* Required work:
Print the data once more, exactly as given. Drop the pictures.

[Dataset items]
"""

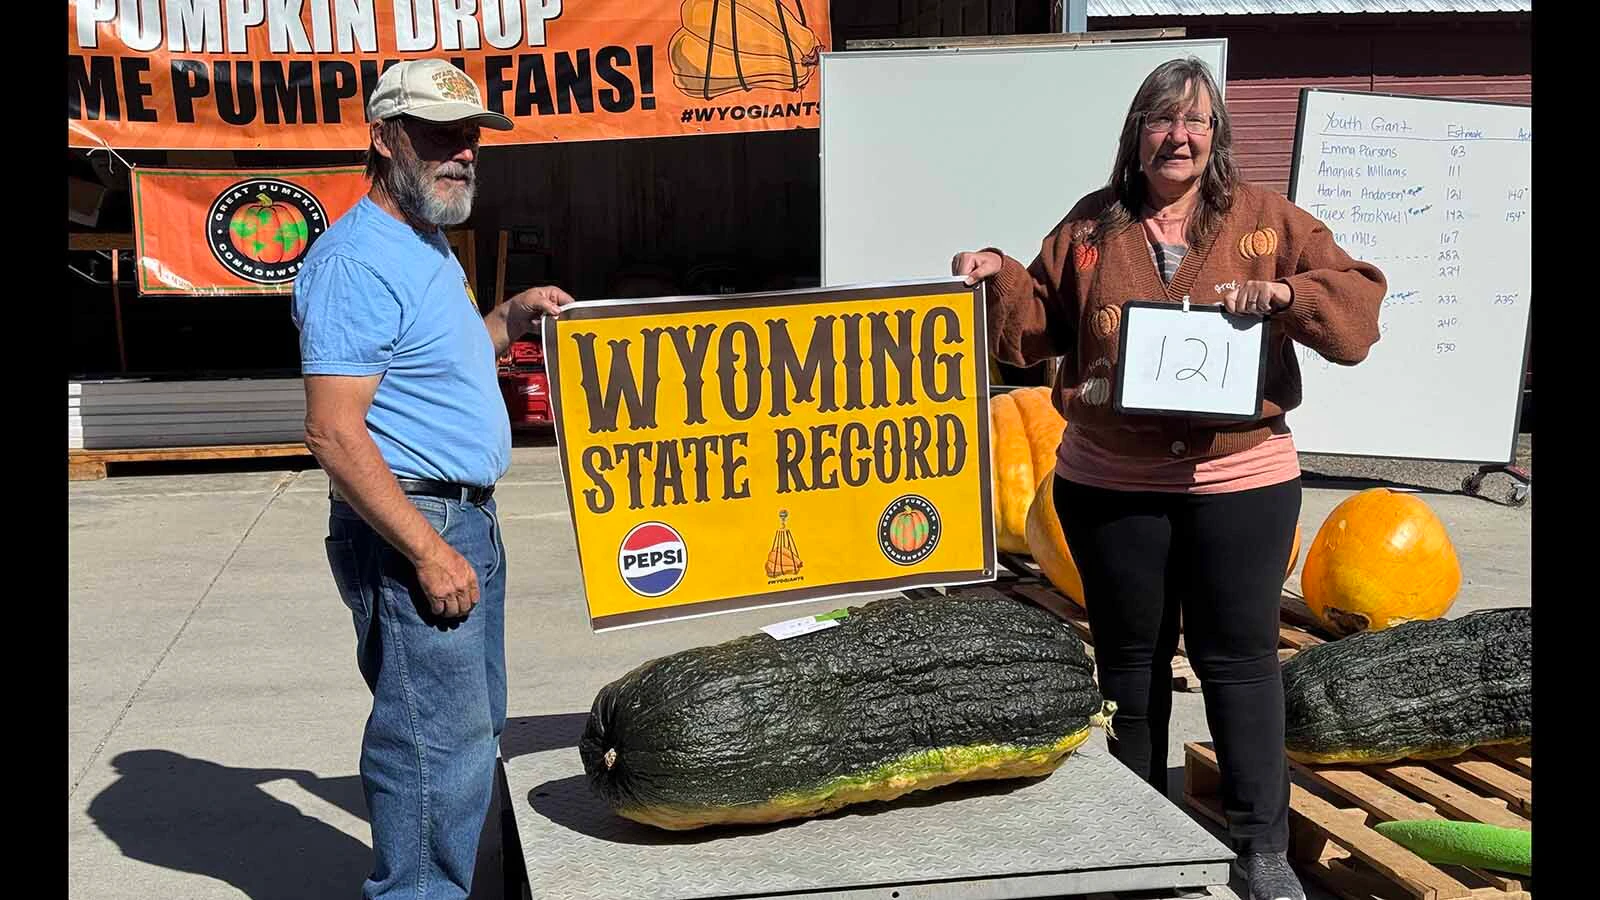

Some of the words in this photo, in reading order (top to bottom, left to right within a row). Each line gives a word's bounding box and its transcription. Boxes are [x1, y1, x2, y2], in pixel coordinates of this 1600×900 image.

[77, 0, 378, 54] PUMPKIN
[395, 0, 562, 50] DROP
[171, 56, 465, 125] PUMP
[485, 45, 656, 117] FANS!
[1322, 112, 1362, 132] Youth
[1371, 116, 1412, 133] Giant
[1321, 141, 1356, 155] Emma
[1359, 144, 1399, 159] Parsons
[1450, 145, 1466, 158] 63
[1318, 159, 1361, 178] Ananias
[1367, 164, 1408, 178] Williams
[1448, 164, 1461, 177] 111
[215, 187, 249, 221] GREAT
[259, 184, 320, 220] PUMPKIN
[1317, 183, 1352, 198] Harlan
[1360, 186, 1404, 201] Anderson
[1446, 208, 1465, 221] 142
[219, 243, 304, 277] COMMONWEA
[571, 306, 966, 433] WYOMING
[1156, 336, 1229, 389] 121
[582, 432, 750, 514] STATE
[774, 413, 968, 495] RECORD
[905, 498, 937, 521] PUMPKIN
[624, 549, 682, 570] PEPSI
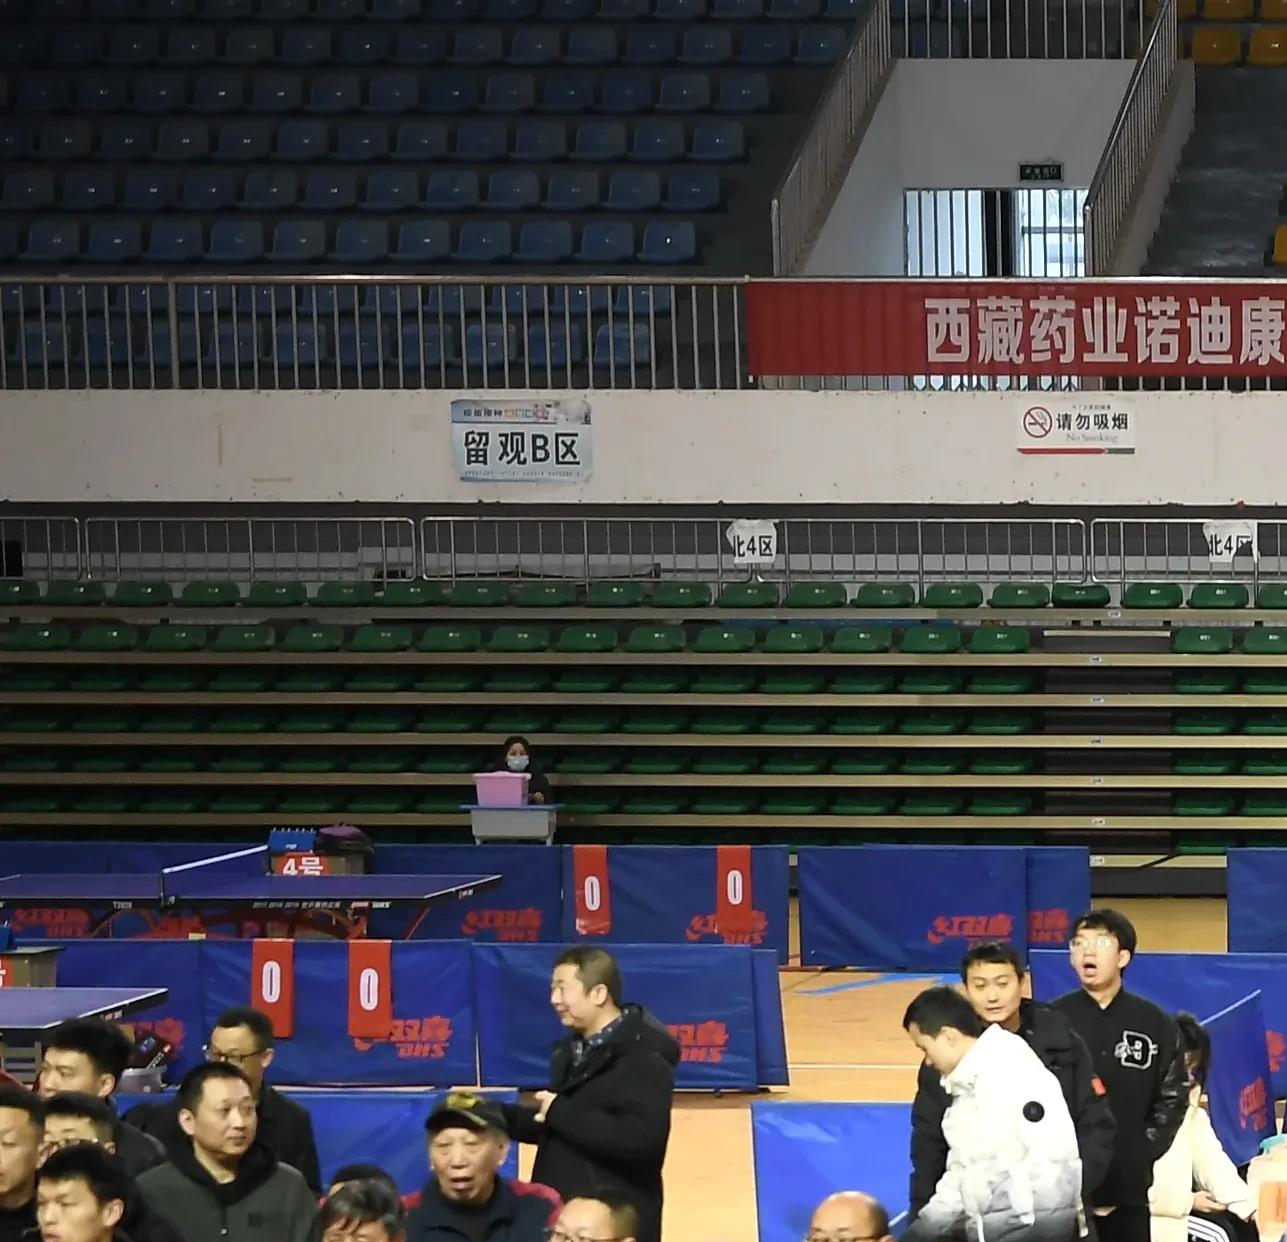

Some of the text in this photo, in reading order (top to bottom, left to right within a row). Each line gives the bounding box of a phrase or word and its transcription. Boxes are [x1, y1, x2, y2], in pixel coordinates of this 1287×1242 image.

[1057, 412, 1128, 430] 请勿吸烟
[464, 430, 580, 466] 留观B区
[282, 855, 323, 876] 4号
[585, 876, 600, 911] 0
[727, 869, 743, 905] 0
[262, 960, 281, 1004] 0
[359, 967, 379, 1012] 0
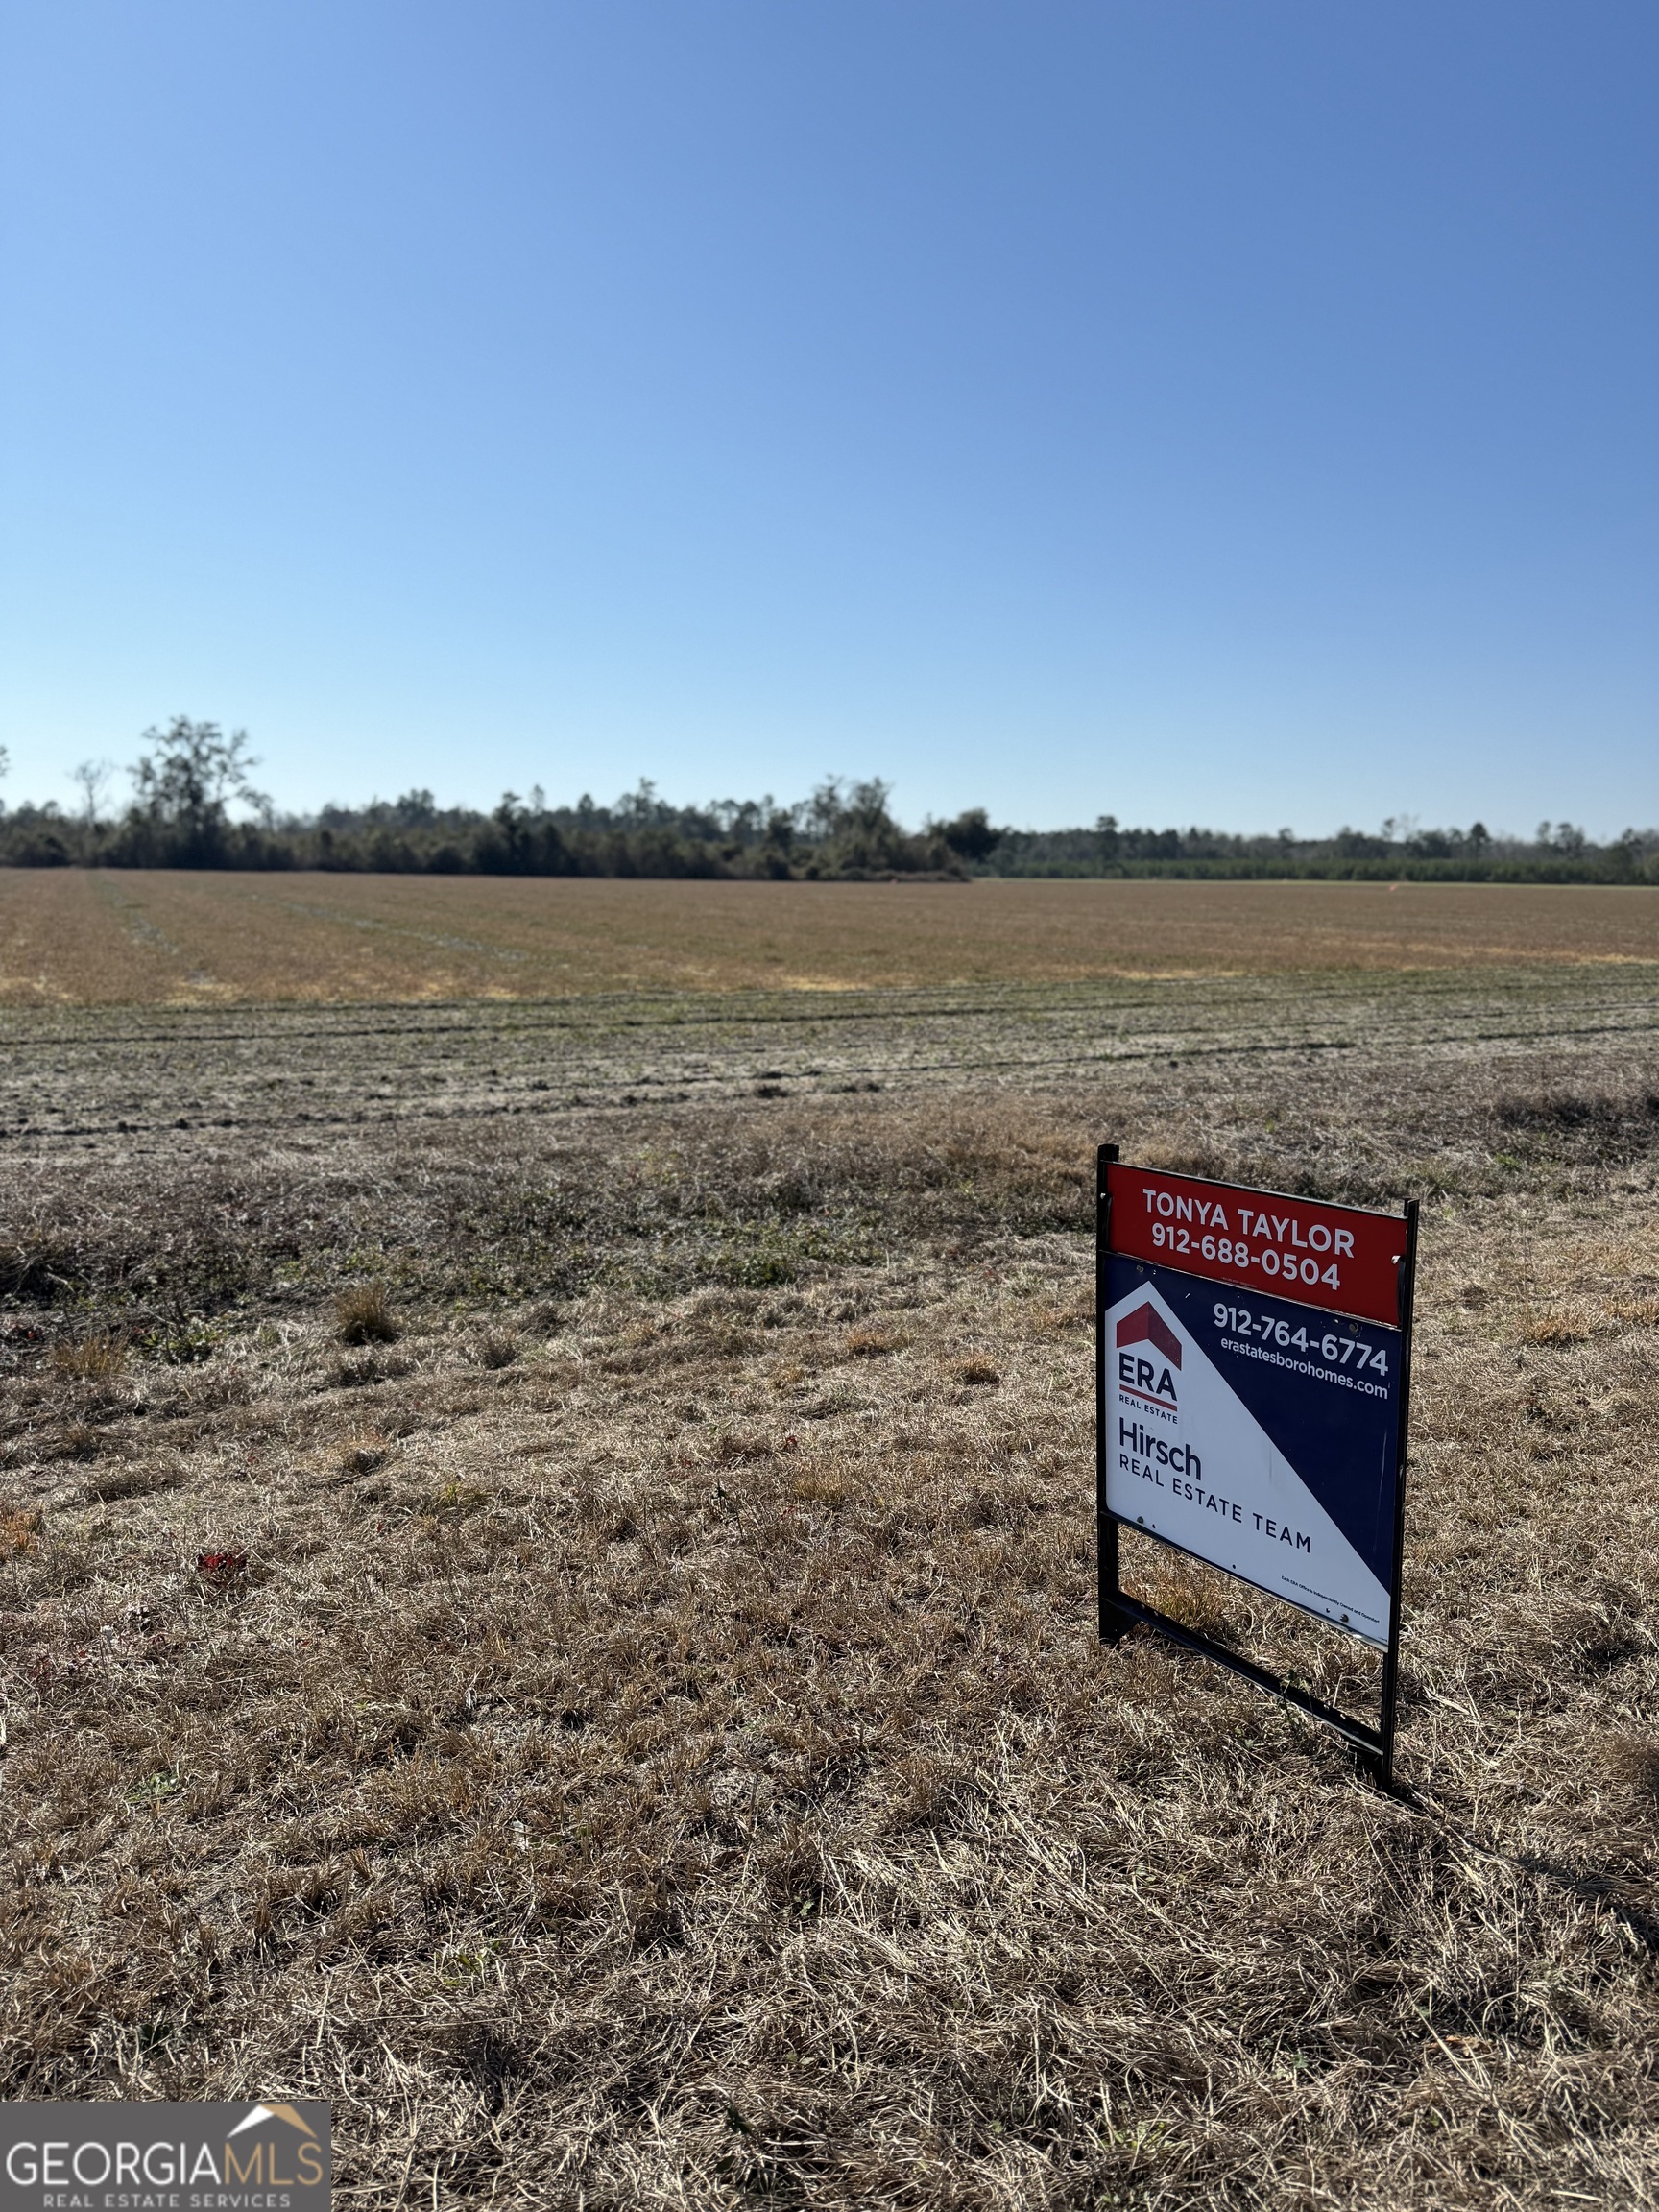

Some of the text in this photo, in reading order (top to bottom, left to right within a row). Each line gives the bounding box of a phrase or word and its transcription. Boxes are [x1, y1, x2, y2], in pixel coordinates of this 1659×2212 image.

[1142, 1188, 1355, 1258] TONYA TAYLOR
[1152, 1222, 1340, 1290] 912-688-0504
[1214, 1303, 1388, 1377] 912-764-6774
[1220, 1337, 1388, 1400] erastatesborohomes.com
[1118, 1352, 1178, 1402] ERA
[1118, 1394, 1178, 1425] REAL ESTATE
[1118, 1416, 1202, 1481] Hirsch
[1119, 1453, 1310, 1553] REAL ESTATE TEAM

"""

* Reply to the task:
Some of the words in this photo, in reading order (top to bottom, left to right within a row). Each line gives a word's bounding box and its transcription. Boxes are [x1, y1, x2, y2], in pixel coordinates of this 1600×900 image.

[77, 0, 378, 54] PUMPKIN
[395, 0, 562, 50] DROP
[171, 56, 465, 125] PUMP
[485, 45, 656, 117] FANS!
[1322, 112, 1362, 132] Youth
[1371, 116, 1412, 133] Giant
[1321, 141, 1356, 155] Emma
[1359, 144, 1399, 159] Parsons
[1450, 145, 1466, 158] 63
[1318, 159, 1361, 178] Ananias
[1367, 164, 1408, 178] Williams
[1448, 164, 1461, 177] 111
[215, 187, 249, 221] GREAT
[259, 184, 320, 220] PUMPKIN
[1317, 183, 1352, 198] Harlan
[1360, 186, 1404, 201] Anderson
[1446, 208, 1465, 221] 142
[219, 243, 304, 277] COMMONWEA
[571, 306, 966, 433] WYOMING
[1156, 336, 1229, 389] 121
[582, 432, 750, 514] STATE
[774, 413, 968, 495] RECORD
[905, 498, 937, 521] PUMPKIN
[624, 549, 682, 570] PEPSI

Some of the text in this photo, in reading order (top to bottom, left to right within a row). Each line gives the bounding box of a phrase or word and its transcription. Boxes are [x1, y1, x2, y2], in pixel coordinates of this 1287×1242 image.

[1057, 412, 1128, 430] 请勿吸烟
[464, 430, 580, 466] 留观B区
[282, 855, 323, 876] 4号
[585, 876, 600, 911] 0
[727, 869, 743, 905] 0
[262, 960, 281, 1004] 0
[359, 967, 379, 1012] 0

Some of the text in this photo, in reading order (top to bottom, left to right within a row). Each line gives the bounding box of a phrase or word and its transcription. Boxes are [x1, y1, x2, y2], in pixel coordinates of this 1659×2212 image.

[1142, 1188, 1355, 1258] TONYA TAYLOR
[1152, 1222, 1340, 1290] 912-688-0504
[1214, 1303, 1388, 1377] 912-764-6774
[1220, 1337, 1388, 1400] erastatesborohomes.com
[1118, 1352, 1178, 1402] ERA
[1118, 1394, 1178, 1425] REAL ESTATE
[1118, 1416, 1202, 1481] Hirsch
[1119, 1453, 1310, 1553] REAL ESTATE TEAM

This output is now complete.